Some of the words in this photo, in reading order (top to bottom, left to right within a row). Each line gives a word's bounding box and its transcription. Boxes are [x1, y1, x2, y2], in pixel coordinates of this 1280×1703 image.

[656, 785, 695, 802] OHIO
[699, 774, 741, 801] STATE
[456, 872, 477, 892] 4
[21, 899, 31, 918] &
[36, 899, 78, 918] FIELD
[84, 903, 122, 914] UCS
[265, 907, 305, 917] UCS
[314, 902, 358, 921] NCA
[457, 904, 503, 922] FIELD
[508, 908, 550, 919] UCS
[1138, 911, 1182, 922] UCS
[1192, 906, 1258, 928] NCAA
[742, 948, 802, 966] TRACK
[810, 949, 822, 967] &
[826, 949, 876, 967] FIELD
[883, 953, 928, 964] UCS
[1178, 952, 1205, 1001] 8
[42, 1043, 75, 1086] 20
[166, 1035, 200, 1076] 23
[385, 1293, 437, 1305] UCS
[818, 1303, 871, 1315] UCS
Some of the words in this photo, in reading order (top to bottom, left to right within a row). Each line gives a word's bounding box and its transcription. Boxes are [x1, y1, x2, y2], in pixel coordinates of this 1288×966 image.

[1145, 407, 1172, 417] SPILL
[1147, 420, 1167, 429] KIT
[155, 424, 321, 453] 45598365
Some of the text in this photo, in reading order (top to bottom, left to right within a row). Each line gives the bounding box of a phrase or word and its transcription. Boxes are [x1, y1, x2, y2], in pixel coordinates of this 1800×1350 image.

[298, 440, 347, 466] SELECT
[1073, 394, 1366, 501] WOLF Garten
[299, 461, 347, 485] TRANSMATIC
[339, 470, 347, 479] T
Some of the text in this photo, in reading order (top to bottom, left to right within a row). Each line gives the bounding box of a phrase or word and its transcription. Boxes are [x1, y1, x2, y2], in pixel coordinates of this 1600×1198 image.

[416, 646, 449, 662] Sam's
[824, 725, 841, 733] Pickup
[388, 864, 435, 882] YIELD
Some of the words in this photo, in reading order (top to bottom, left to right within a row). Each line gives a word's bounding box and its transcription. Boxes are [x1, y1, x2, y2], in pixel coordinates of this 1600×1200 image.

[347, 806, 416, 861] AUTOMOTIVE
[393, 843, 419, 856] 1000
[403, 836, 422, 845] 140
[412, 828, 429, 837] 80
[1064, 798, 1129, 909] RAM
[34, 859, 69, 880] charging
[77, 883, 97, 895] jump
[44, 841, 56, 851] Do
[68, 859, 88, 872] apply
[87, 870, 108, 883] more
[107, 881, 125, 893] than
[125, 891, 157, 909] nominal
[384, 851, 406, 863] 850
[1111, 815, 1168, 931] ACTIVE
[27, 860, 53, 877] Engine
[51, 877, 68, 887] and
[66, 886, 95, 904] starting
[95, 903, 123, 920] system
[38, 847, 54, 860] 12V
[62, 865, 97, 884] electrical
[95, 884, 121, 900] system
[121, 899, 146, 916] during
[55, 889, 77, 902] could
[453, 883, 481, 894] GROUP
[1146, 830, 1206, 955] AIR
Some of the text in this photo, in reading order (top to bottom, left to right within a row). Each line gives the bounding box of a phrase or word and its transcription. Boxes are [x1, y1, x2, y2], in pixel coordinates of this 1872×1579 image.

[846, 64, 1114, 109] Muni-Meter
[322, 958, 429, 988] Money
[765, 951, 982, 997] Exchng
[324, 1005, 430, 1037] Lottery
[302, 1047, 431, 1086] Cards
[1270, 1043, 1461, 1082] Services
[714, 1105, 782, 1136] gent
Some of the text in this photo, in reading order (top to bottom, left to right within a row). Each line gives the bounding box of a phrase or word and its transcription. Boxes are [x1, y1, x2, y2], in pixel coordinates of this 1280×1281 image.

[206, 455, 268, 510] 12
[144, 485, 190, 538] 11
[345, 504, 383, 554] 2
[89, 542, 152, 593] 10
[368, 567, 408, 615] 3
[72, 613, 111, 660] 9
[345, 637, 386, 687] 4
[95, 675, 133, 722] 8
____
• **The task**:
Every line above should be written out again, unchanged.

• **Solved problem**:
Some of the words in this photo, in reading order (top to bottom, left to right within a row). Each line gives a word's bounding box and its transcription. Boxes are [x1, y1, x2, y2], in pixel coordinates of this 1280×1703 image.

[656, 785, 695, 802] OHIO
[699, 774, 741, 801] STATE
[456, 872, 477, 892] 4
[21, 899, 31, 918] &
[36, 899, 78, 918] FIELD
[84, 903, 122, 914] UCS
[265, 907, 305, 917] UCS
[314, 902, 358, 921] NCA
[457, 904, 503, 922] FIELD
[508, 908, 550, 919] UCS
[1138, 911, 1182, 922] UCS
[1192, 906, 1258, 928] NCAA
[742, 948, 802, 966] TRACK
[810, 949, 822, 967] &
[826, 949, 876, 967] FIELD
[883, 953, 928, 964] UCS
[1178, 952, 1205, 1001] 8
[42, 1043, 75, 1086] 20
[166, 1035, 200, 1076] 23
[385, 1293, 437, 1305] UCS
[818, 1303, 871, 1315] UCS
Some of the words in this photo, in reading order (top to bottom, left to right within a row). Each line gives a word's bounding box and its transcription. Boxes are [x1, y1, x2, y2], in pixel coordinates of this 1288×966 image.

[1145, 407, 1172, 417] SPILL
[1147, 420, 1167, 429] KIT
[155, 424, 321, 453] 45598365
Some of the text in this photo, in reading order (top to bottom, left to right within a row). Each line gives the bounding box of a phrase or word and its transcription. Boxes are [x1, y1, x2, y2], in pixel coordinates of this 1800×1350 image.

[298, 440, 347, 466] SELECT
[1073, 394, 1366, 501] WOLF Garten
[299, 461, 347, 485] TRANSMATIC
[339, 470, 347, 479] T
Some of the text in this photo, in reading order (top to bottom, left to right within a row). Each line gives the bounding box of a phrase or word and its transcription. Boxes are [x1, y1, x2, y2], in pixel coordinates of this 1600×1198 image.

[416, 646, 449, 662] Sam's
[824, 725, 841, 733] Pickup
[388, 864, 435, 882] YIELD
Some of the words in this photo, in reading order (top to bottom, left to right within a row). Each line gives a word's bounding box and its transcription. Boxes are [x1, y1, x2, y2], in pixel coordinates of this 1600×1200 image.

[347, 806, 416, 861] AUTOMOTIVE
[393, 843, 419, 856] 1000
[403, 836, 422, 845] 140
[412, 828, 429, 837] 80
[1064, 798, 1129, 909] RAM
[34, 859, 69, 880] charging
[77, 883, 97, 895] jump
[44, 841, 56, 851] Do
[68, 859, 88, 872] apply
[87, 870, 108, 883] more
[107, 881, 125, 893] than
[125, 891, 157, 909] nominal
[384, 851, 406, 863] 850
[1111, 815, 1168, 931] ACTIVE
[27, 860, 53, 877] Engine
[51, 877, 68, 887] and
[66, 886, 95, 904] starting
[95, 903, 123, 920] system
[38, 847, 54, 860] 12V
[62, 865, 97, 884] electrical
[95, 884, 121, 900] system
[121, 899, 146, 916] during
[55, 889, 77, 902] could
[453, 883, 481, 894] GROUP
[1146, 830, 1206, 955] AIR
Some of the text in this photo, in reading order (top to bottom, left to right within a row). Each line gives the bounding box of a phrase or word and its transcription. Boxes are [x1, y1, x2, y2], in pixel coordinates of this 1872×1579 image.

[846, 64, 1114, 109] Muni-Meter
[322, 958, 429, 988] Money
[765, 951, 982, 997] Exchng
[324, 1005, 430, 1037] Lottery
[302, 1047, 431, 1086] Cards
[1270, 1043, 1461, 1082] Services
[714, 1105, 782, 1136] gent
Some of the text in this photo, in reading order (top to bottom, left to right within a row). Each line gives the bounding box of a phrase or word and its transcription. Boxes are [x1, y1, x2, y2], in pixel coordinates of this 1280×1281 image.

[206, 455, 268, 510] 12
[144, 485, 190, 538] 11
[345, 504, 383, 554] 2
[89, 542, 152, 593] 10
[368, 567, 408, 615] 3
[72, 613, 111, 660] 9
[345, 637, 386, 687] 4
[95, 675, 133, 722] 8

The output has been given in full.